Background Attention-deficit hyperactivity disorder (ADHD) is a common psychiatric disease, usually first diagnosed during childhood or adolescence. A significant portion (∼50–65%) of ADHD symptoms persist into adulthood. Adult ADHD and bipolar disorder (BD) are common comorbid psychiatric conditions. Comorbidity between BD and adult ADHD has been reported in both ADHD and BD cases.
Aim To determine the effect of comorbid adult ADHD on disability and quality of life of patients with bipolar disorder.
Patients and methods This is a cross-sectional study that was done at the Psychiatric Department in the Zagazig University Hospitals, Sharkia Governorate, Egypt, during the period from May to November, 2017. One hundred and two euthymic patients with Diagnostic and statistical manual of mental disorders, 4th ed. − text revision diagnosis of BD I were selected by simple random probability sampling from the patients with bipolar disorder who came for follow-up and to receive their medications from psychiatric outpatient clinic.
Results The mean age of the participants ranged from 18 to 40 years, and 51% were female. Patients with bipolar disorder with adult ADHD had more disability in work, social life, and family life than patients with pure bipolar disorder. Moreover, patients with bipolar disorder without adult ADHD had significant better quality of life in all domains as reflected by higher scores in WHO quality-of-life scale than patients with adult ADHD.
Conclusion Adult ADHD is a frequent comorbid disorder in patients with BD. Adult ADHD comorbidity negatively affects functioning and quality of life of patients with BD.

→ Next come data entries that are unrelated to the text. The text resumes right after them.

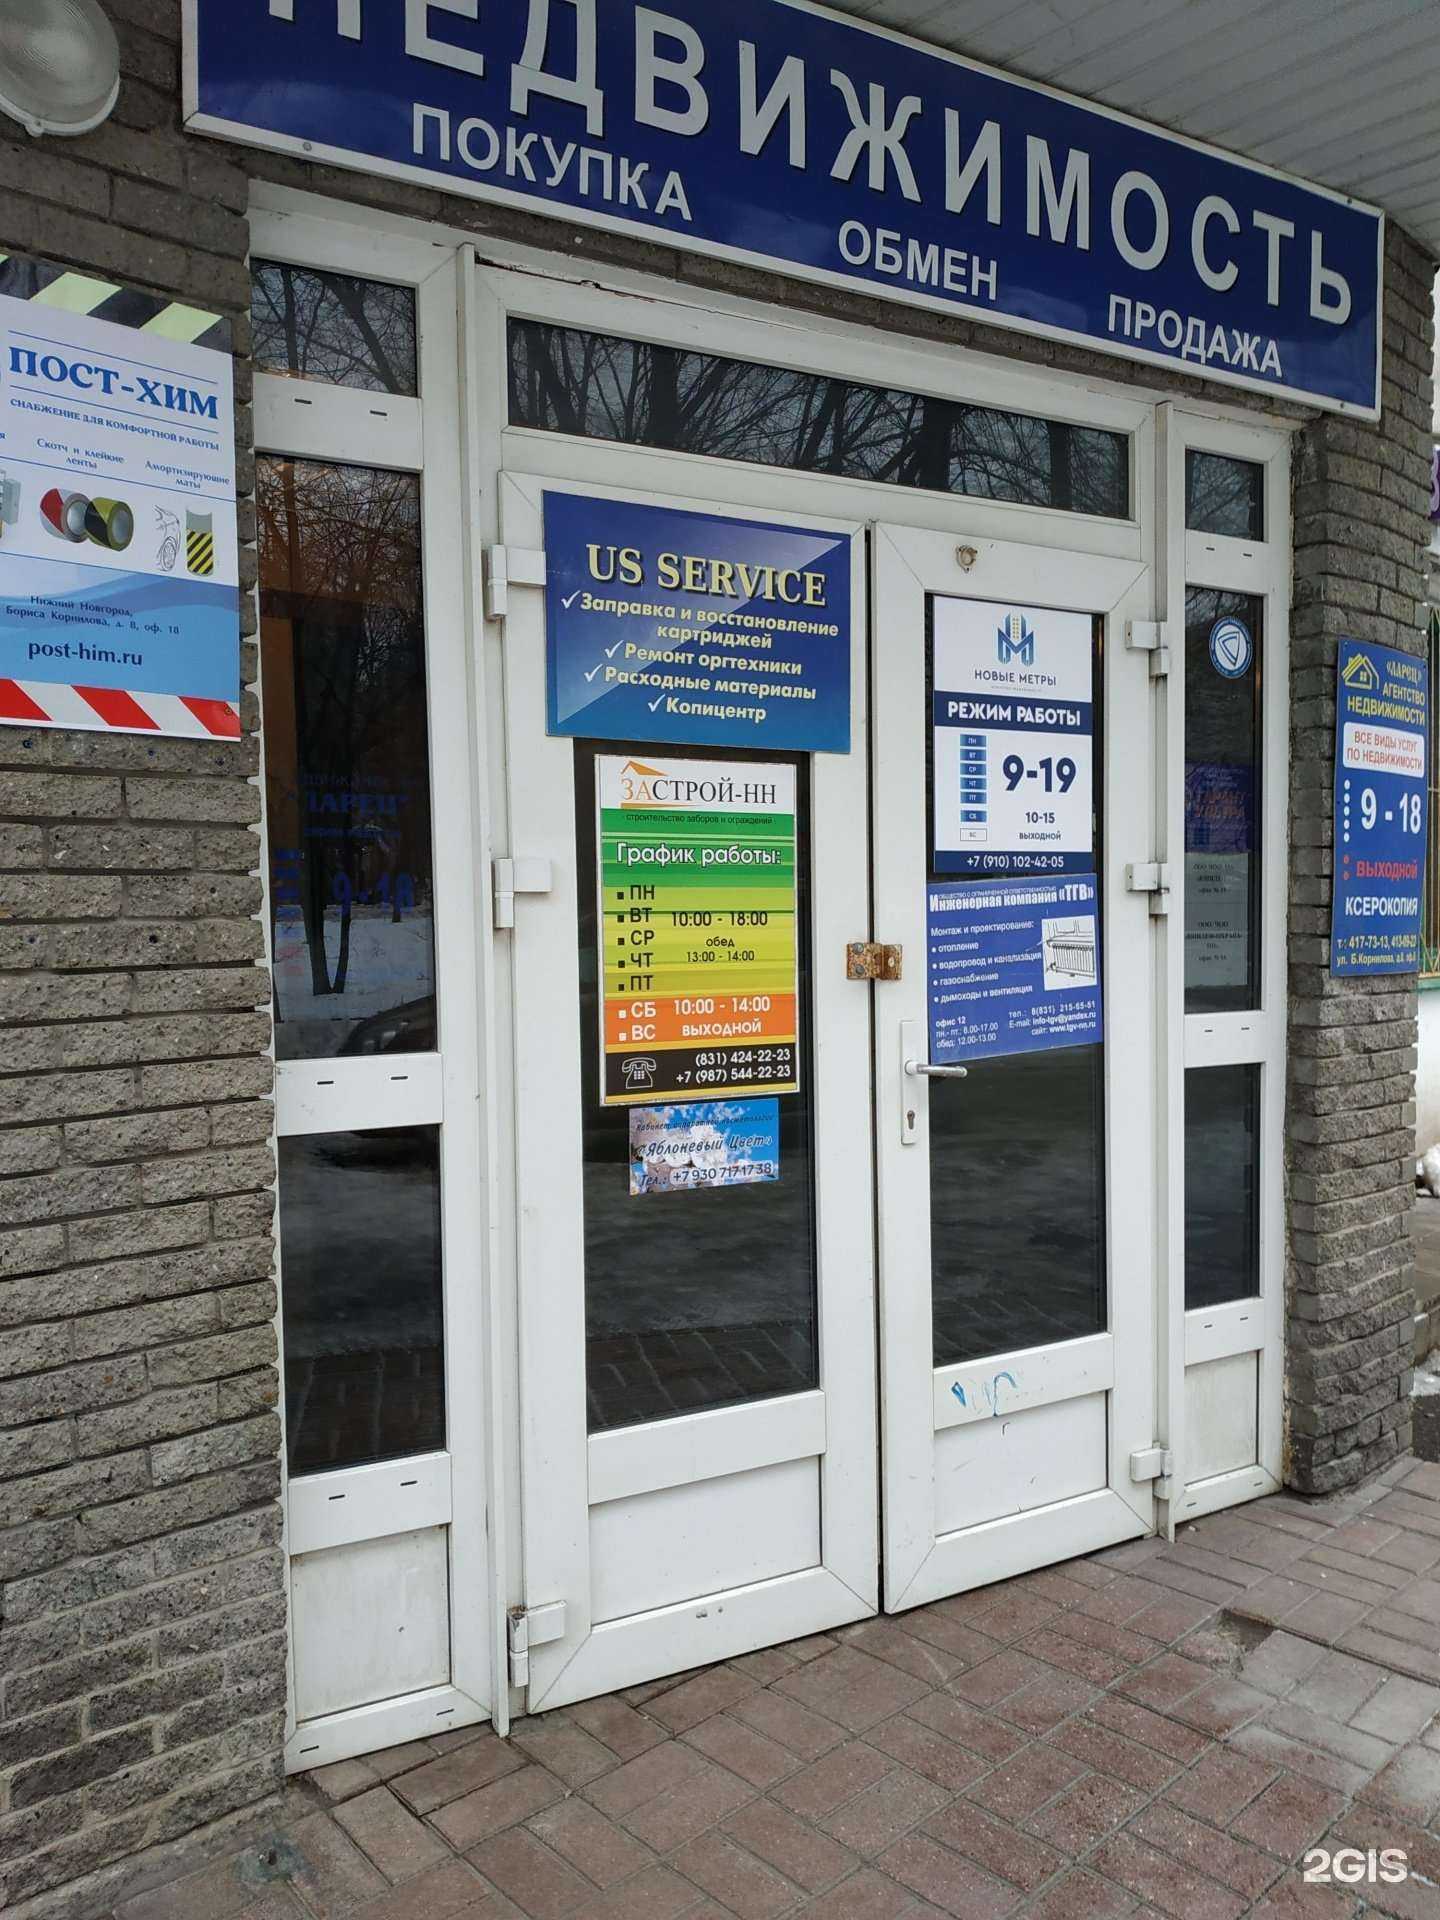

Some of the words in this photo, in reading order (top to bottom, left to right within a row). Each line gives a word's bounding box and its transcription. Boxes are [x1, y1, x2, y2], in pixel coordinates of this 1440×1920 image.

[413, 102, 692, 221] ПОКУПКА
[838, 219, 998, 300] ОБМЕН
[1107, 293, 1283, 379] ПРОДАЖА
[8, 346, 219, 420] ПОСТ-ХИМ
[10, 398, 81, 421] СНАБЖЕНИЕ
[83, 414, 104, 425] ДЛЯ
[106, 418, 177, 442] КОМФОРТНОЙ
[179, 435, 219, 450] РАБОТЫ
[37, 438, 68, 453] Скотч
[85, 449, 124, 463] клейкие
[66, 457, 97, 468] ленты
[145, 461, 230, 485] Амортизирующие
[176, 479, 201, 489] маты
[586, 543, 644, 584] US
[657, 552, 827, 607] SERVICE
[6, 605, 45, 619] Бориса
[30, 595, 74, 609] Нижний
[80, 601, 133, 617] Новгород,
[580, 592, 676, 619] Заправка
[680, 608, 692, 620] и
[697, 610, 839, 637] восстановление
[657, 625, 772, 649] картриджей
[28, 641, 143, 666] post-him.ru
[624, 642, 694, 666] Ремонт
[698, 652, 802, 675] оргтехники
[605, 666, 711, 691] Расходные
[714, 674, 817, 700] материалы
[974, 669, 1015, 683] НОВЫЕ
[1019, 672, 1057, 686] МЕТРЫ
[1382, 681, 1426, 706] АГЕНТСТВО
[666, 697, 767, 724] Копицентр
[947, 700, 1012, 722] РЕЖИМ
[1016, 707, 1081, 727] РАБОТЫ
[1347, 695, 1426, 727] НЕДВИЖИМОСТИ
[1354, 730, 1372, 746] ВСЕ
[1374, 733, 1397, 749] ВИДЫ
[1346, 747, 1361, 761] ПО
[1362, 749, 1422, 770] НЕДВИЖИМОСТИ
[1002, 754, 1077, 794] 9-19
[621, 777, 777, 804] ЗАСТРОЙ-НН
[626, 813, 685, 823] строительство
[687, 814, 719, 824] заборов
[727, 815, 773, 825] ограждений
[1024, 811, 1056, 824] 10-15
[1360, 787, 1377, 831] 9
[1399, 792, 1422, 835] 18
[616, 841, 697, 867] График
[700, 843, 782, 867] работы:
[966, 856, 980, 868] +7
[983, 855, 1010, 869] (910)
[1012, 855, 1065, 868] 102-42-05
[630, 885, 655, 900] ПН
[929, 893, 1002, 912] Инженерная
[1003, 891, 1058, 906] компания
[1058, 883, 1094, 901] «ТГВ»
[630, 907, 653, 923] ВТ
[1345, 896, 1418, 917] КСЕРОКОПИЯ
[671, 912, 712, 927] 10:00
[730, 911, 768, 926] 18:00
[930, 926, 962, 937] Монтаж
[963, 926, 969, 934] и
[970, 920, 1035, 934] проектирование:
[630, 930, 655, 946] СР
[705, 936, 735, 948] обед
[938, 942, 979, 953] отопление
[630, 953, 653, 968] ЧТ
[686, 951, 715, 963] 13:00
[727, 950, 755, 962] 14:00
[939, 958, 986, 970] водопровод
[994, 951, 1041, 964] канализация
[630, 975, 654, 991] ПТ
[940, 971, 999, 986] газоснабжение
[940, 991, 982, 1003] дымоходы
[989, 985, 1033, 997] вентиляция
[631, 1001, 657, 1018] СБ
[673, 999, 714, 1016] 10:00
[731, 996, 771, 1013] 14:00
[631, 1024, 656, 1041] ВС
[935, 1018, 956, 1028] офис
[957, 1016, 966, 1026] 12
[695, 1052, 727, 1068] (831)
[730, 1048, 790, 1063] 424-22-23
[676, 1071, 691, 1084] +7
[695, 1068, 727, 1084] (987)
[731, 1065, 790, 1080] 544-22-23
[638, 1136, 724, 1157] «Яблоневый
[729, 1135, 773, 1150] Цвет»

Keywords: Attention-deficit hyperactivity disorder, bipolar disorder, disability and quality of life


How to cite this article:
Fouad AA, Fouad HA, Amin SI. Effect of adult attention-deficit hyperactivity on disability and quality of life of bipolar patients. Egypt J Psychiatr 2019;40:155-61

How to cite this URL:
Fouad AA, Fouad HA, Amin SI. Effect of adult attention-deficit hyperactivity on disability and quality of life of bipolar patients. Egypt J Psychiatr [serial online] 2019 [cited 2024 Mar 28];40:155-61. Available from: https://new.ejpsy.eg.net//text.asp?2019/40/3/155/271304




  Introduction Top


Attention-deficit hyperactivity disorder (ADHD) is an early-onset neurodevelopmental disorder characterized by developmentally inappropriate symptoms in inattention, hyperactivity, and impulsivity (American Psychiatric Association, 2013) that affects 5% of childhood population (Polanczyk et al., 2007) and persists into adulthood in up to 50% of the cases (Ramos-Quiroga et al., 2006; Torres et al., 2017).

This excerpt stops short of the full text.